Lo que interesa de este largo relato, y de su conclusión, son tres aspectos. Por una parte, que el tema de la verdad de la imagen, de su relación con lo real tiene un largo aliento en la historia del medio, y en buena medida no puede ser obviado, aunque sí reformulado. Por otro, que hasta cierto punto un esencialismo numérico parece sustituir un anterior esencialismo analógico. (7) Por último, que la cuestión digital o numérica con relación a una realidad registrada o creada, referencial o ficticia, verdadera o falsa (8), se ha visto pronto superada o relativizada, por una problemática más amplia que remite a la relación que la imagen mantiene con la realidad en nuestra sociedad. La transmisibilidad o comunicabilidad de la imagen como fenómeno mayor, así como la sobreabundancia de imágenes y su hipersocialización, no dejan de abrir y extender el problema de la relación con lo real, y por extensión, de lo que aquellas saben y nos dicen.
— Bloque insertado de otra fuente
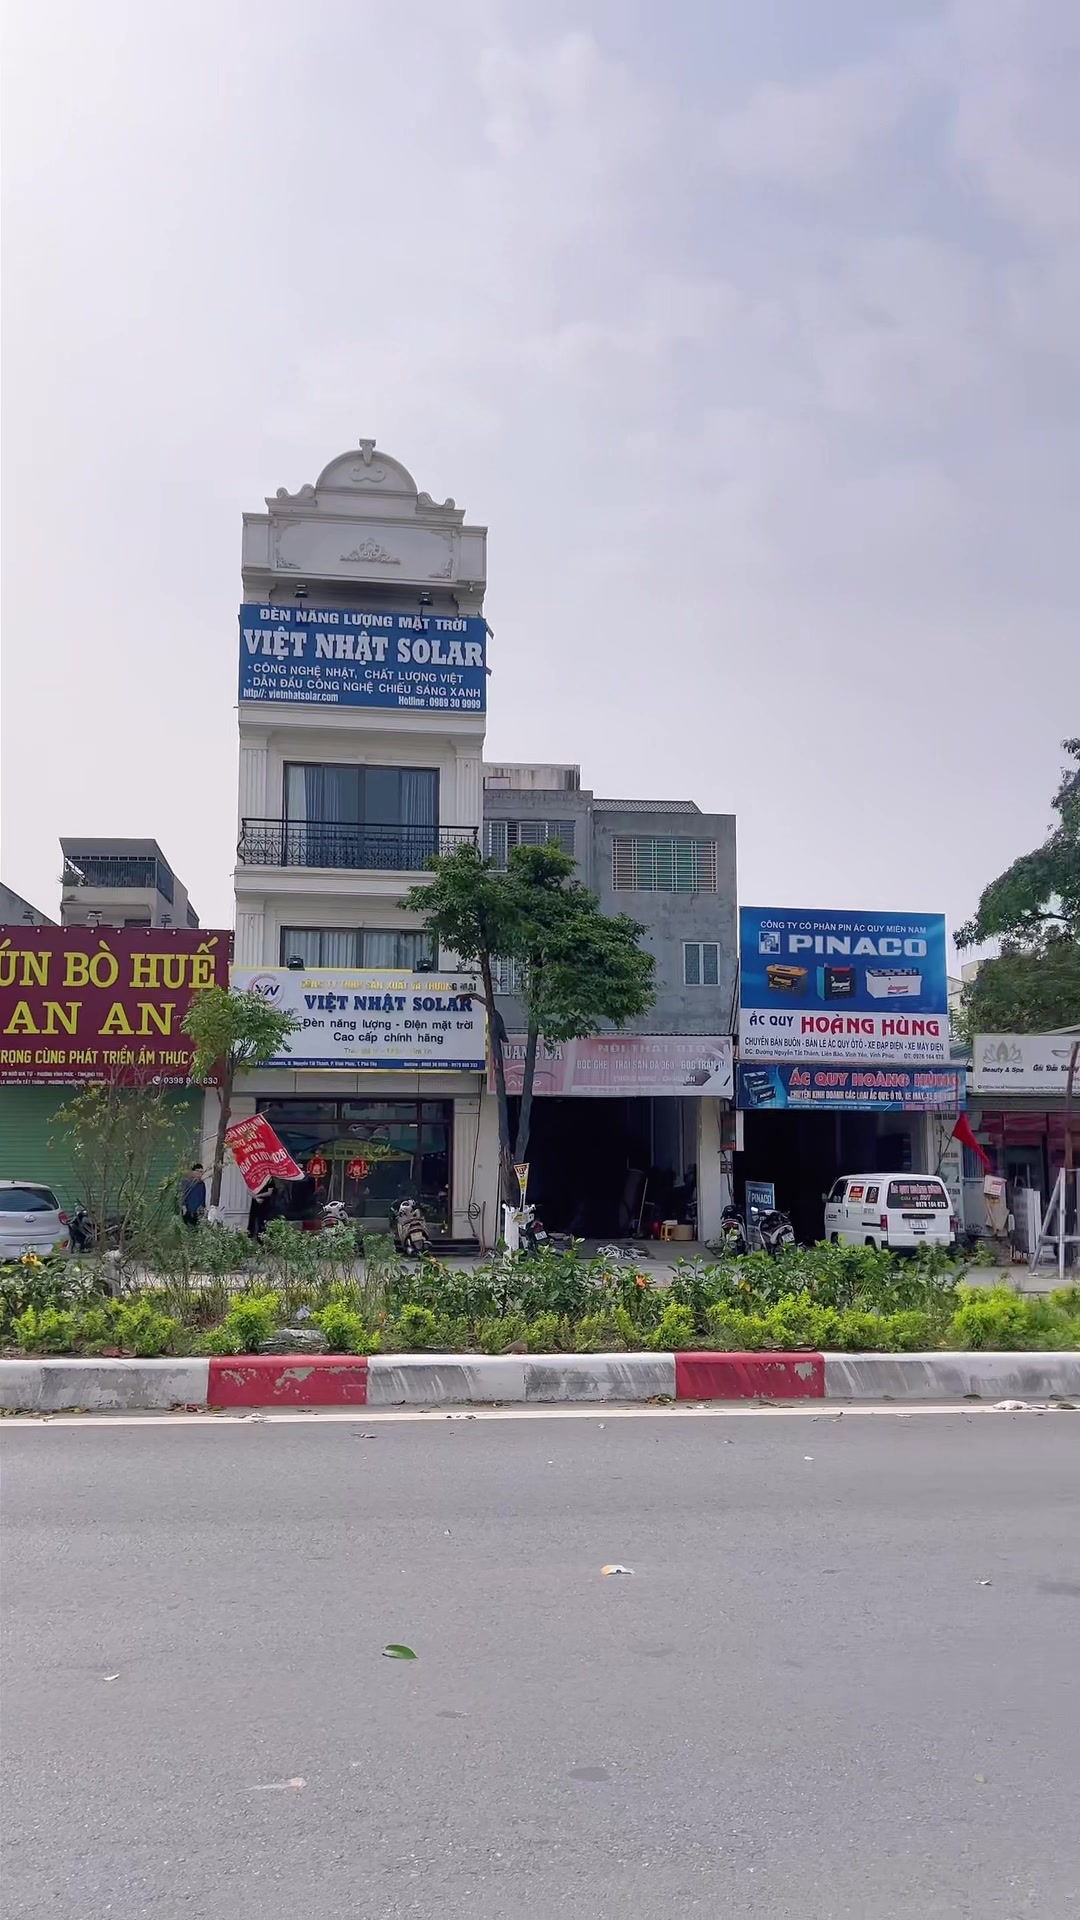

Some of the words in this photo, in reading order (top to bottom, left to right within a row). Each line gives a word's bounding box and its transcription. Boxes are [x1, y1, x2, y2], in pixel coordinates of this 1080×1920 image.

[260, 607, 291, 621] ĐÈN
[296, 609, 339, 624] NĂNG
[344, 613, 393, 628] LƯỢNG
[398, 616, 430, 631] MẶT
[435, 618, 467, 632] TRỜI
[243, 626, 307, 661] VIỆT
[315, 631, 389, 666] NHẬT
[397, 638, 484, 667] SOLAR
[253, 663, 287, 674] CÔNG
[290, 665, 321, 679] NGHỆ
[326, 666, 358, 680] NHẬT,
[364, 668, 394, 680] CHẤT
[398, 671, 437, 683] LƯỢNG
[440, 673, 464, 686] VIỆT
[269, 689, 339, 702] vietnhatsolar.com
[307, 679, 340, 691] CÔNG
[343, 682, 374, 695] NGHỆ
[378, 681, 411, 694] CHIẾU
[416, 684, 447, 696] SÁNG
[450, 687, 481, 698] XANH
[429, 697, 449, 708] 0989
[449, 698, 460, 708] 30
[461, 699, 481, 709] 9999
[760, 920, 785, 929] CÔNG
[838, 923, 852, 931] PIN
[908, 926, 927, 934] NAM
[788, 934, 927, 957] PINACO
[62, 940, 119, 988] BÒ
[129, 936, 218, 989] HUẾ
[304, 992, 349, 1013] VIỆT
[353, 993, 406, 1014] NHẬT
[412, 996, 473, 1012] SOLAR
[3, 1001, 82, 1035] AN
[98, 1002, 176, 1036] AN
[302, 1018, 325, 1028] Đèn
[330, 1019, 357, 1030] năng
[362, 1019, 392, 1030] lượng
[431, 1020, 452, 1031] mặt
[456, 1020, 473, 1030] trời
[749, 1010, 765, 1027] ẮC
[769, 1015, 794, 1028] QUY
[801, 1013, 874, 1035] HOÀNG
[882, 1015, 940, 1037] HÙNG
[333, 1032, 355, 1042] Cao
[358, 1030, 378, 1044] cấp
[383, 1032, 412, 1043] chính
[417, 1034, 444, 1044] hãng
[837, 1039, 850, 1049] QUY
[867, 1041, 876, 1050] XE
[907, 1042, 916, 1051] XE
[35, 1047, 66, 1064] CÙNG
[69, 1047, 98, 1064] PHÁT
[102, 1044, 134, 1065] TRIỂN
[138, 1044, 156, 1065] ẨM
[159, 1049, 189, 1067] THỰC
[814, 1072, 849, 1087] QUY
[851, 1070, 911, 1087] HOÀNG
[982, 1066, 1003, 1074] Beauty
[751, 1192, 772, 1204] PINACO
Se viene afirmando, no sin razón, que un mito ha sustituido a otro: «el mito oficial de una fotografía que dice la verdad ha dejado su lugar al mito oficial de una fotografía que miente», señala Sekula, y con él, otros autores. (9) Es lo mismo que viene a señalar Martha Rosler cuando afirma que probablemente se ha sobreestimado o colocado fuera de lugar el valor de verdad de la fotografía. ([nota 10 @ Martha Rosler, «Simulaciones de imágenes, manipulaciones por odenador: algunas consideraciones», Fotografia y activismo. Textos y prácticas (1979-2000), (Jorge Luis Marzo, ed), Gustavo Gili, Barcelona, 2006, pp. 191-250. Este texto complementa bien las dos referencias de la nota anterior en el sentido indicado.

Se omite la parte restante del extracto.